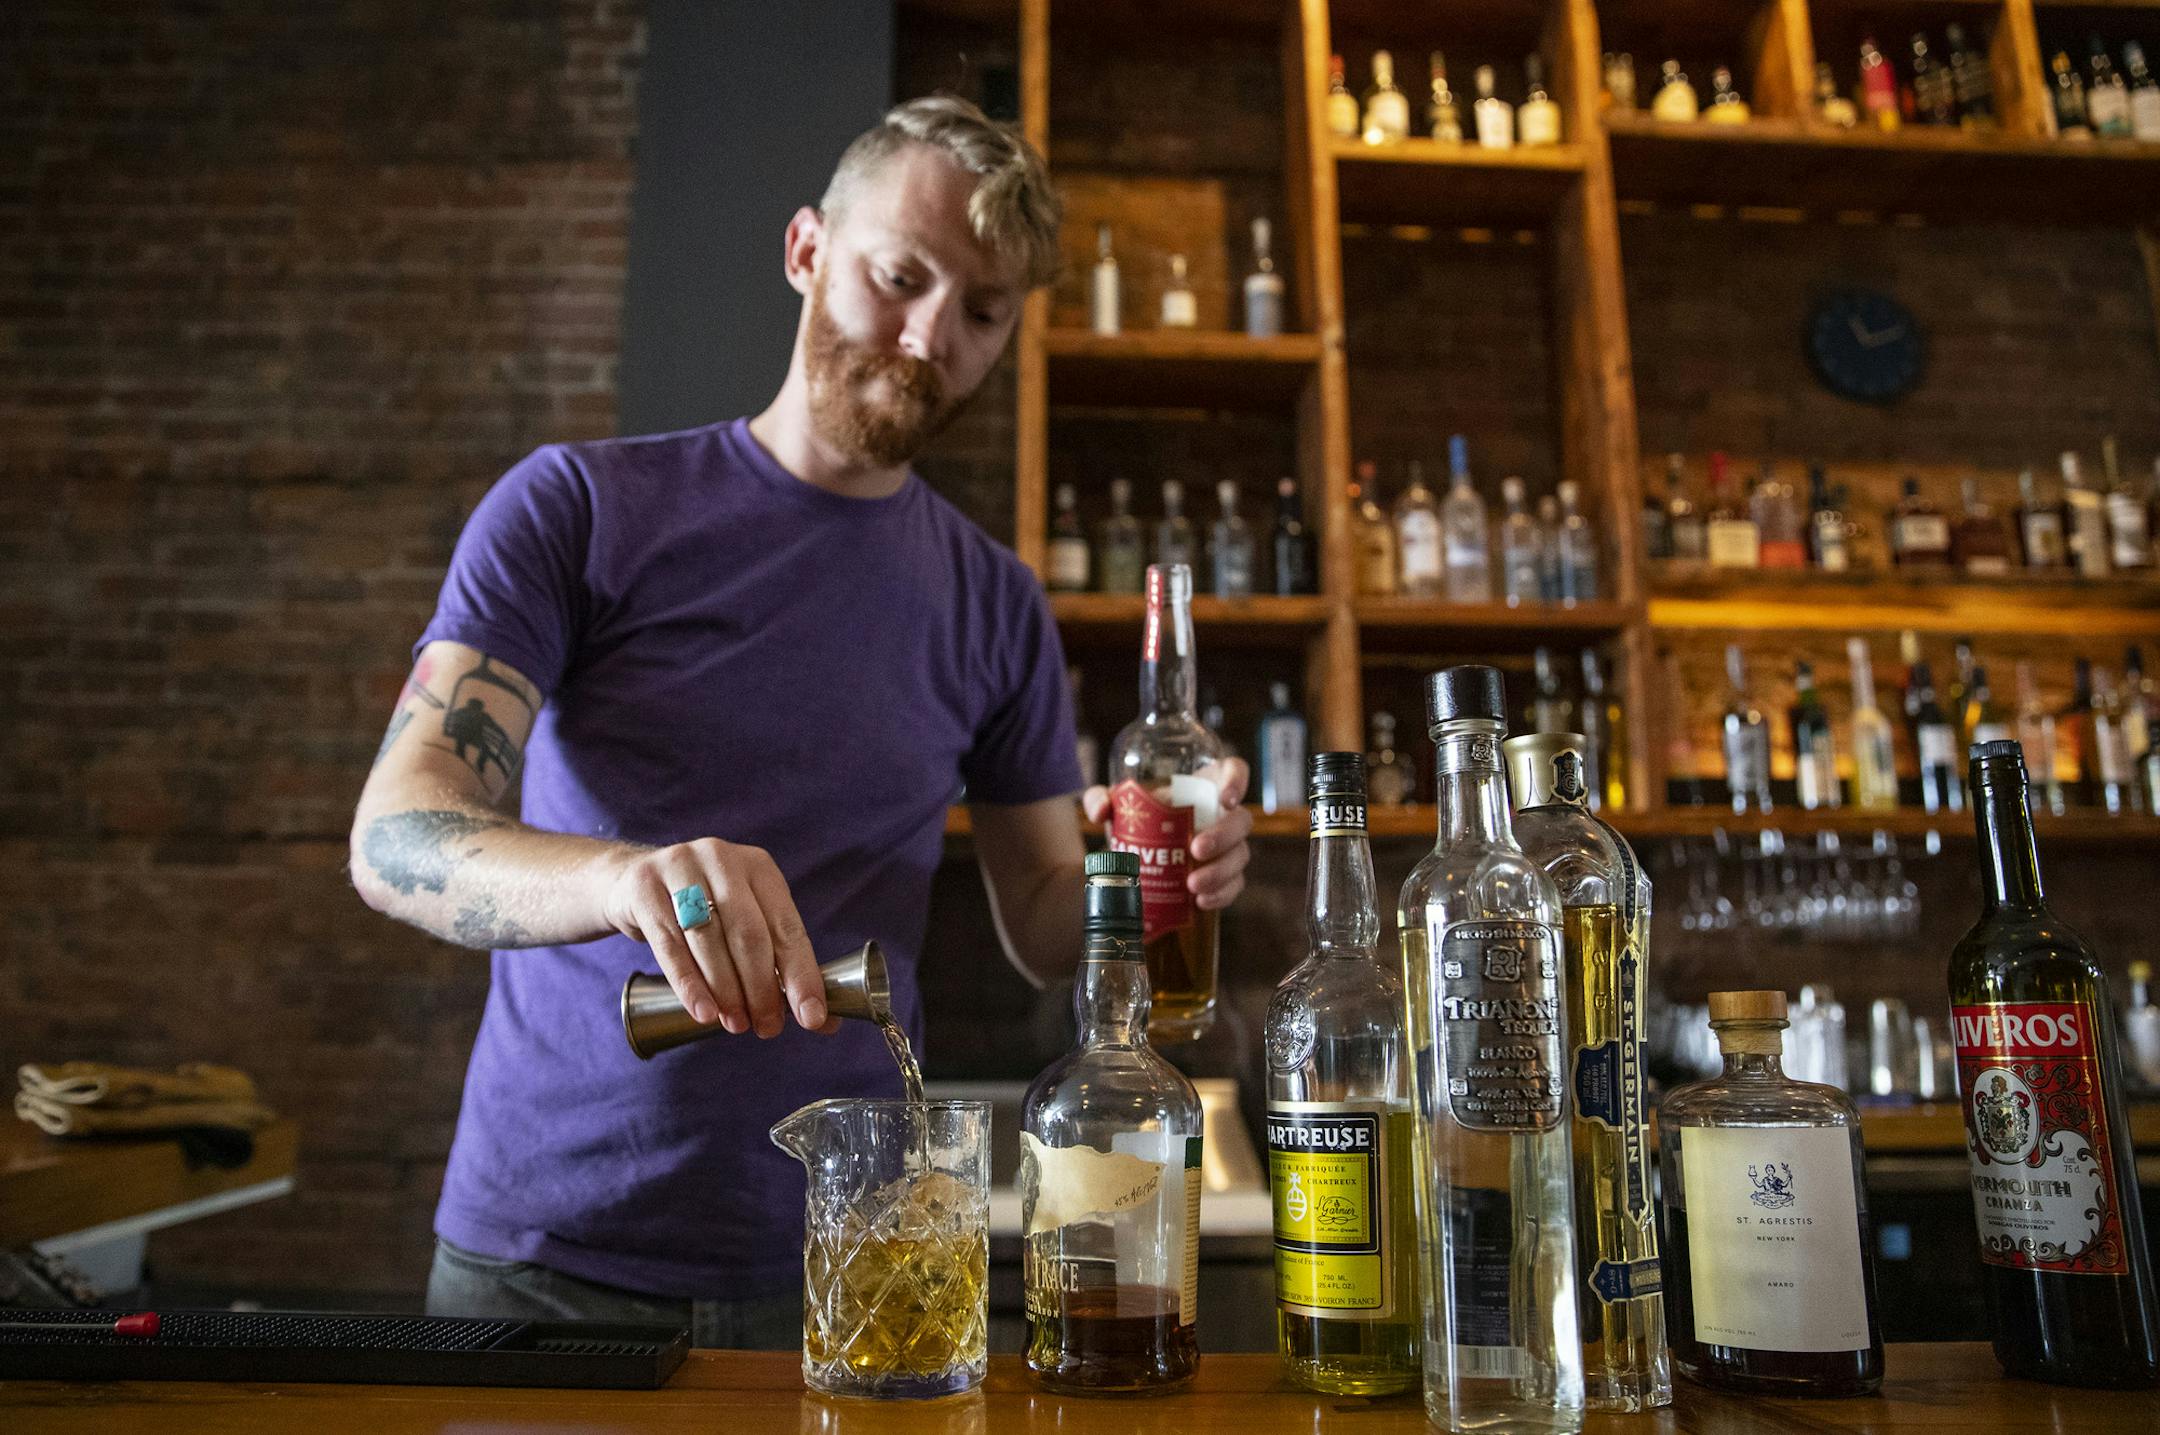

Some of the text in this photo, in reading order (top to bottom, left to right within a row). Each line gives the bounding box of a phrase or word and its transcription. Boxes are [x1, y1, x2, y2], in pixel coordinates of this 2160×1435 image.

[1480, 1045, 1537, 1060] BLANCO
[1623, 1000, 1639, 1163] ST-GERMAIN
[1307, 1178, 1357, 1186] CHARTREUX
[1971, 1174, 2072, 1199] VERMOUTH
[1986, 1196, 2044, 1212] CRIANZA
[1736, 1216, 1813, 1225] ST. AGRESTIS
[1034, 1253, 1079, 1292] TRACE

• _Exercise requirements_
Transcribe every entry word for word, but skip the pictures.

• _Exercise response_
Some of the text in this photo, in reading order (top to bottom, left to right within a row). Each line gives the bounding box of a phrase or word and its transcription. Boxes are [x1, y1, x2, y2], in pixel coordinates of this 2160×1435 image.

[1480, 1045, 1537, 1060] BLANCO
[1623, 1000, 1639, 1163] ST-GERMAIN
[1307, 1178, 1357, 1186] CHARTREUX
[1971, 1174, 2072, 1199] VERMOUTH
[1986, 1196, 2044, 1212] CRIANZA
[1736, 1216, 1813, 1225] ST. AGRESTIS
[1034, 1253, 1079, 1292] TRACE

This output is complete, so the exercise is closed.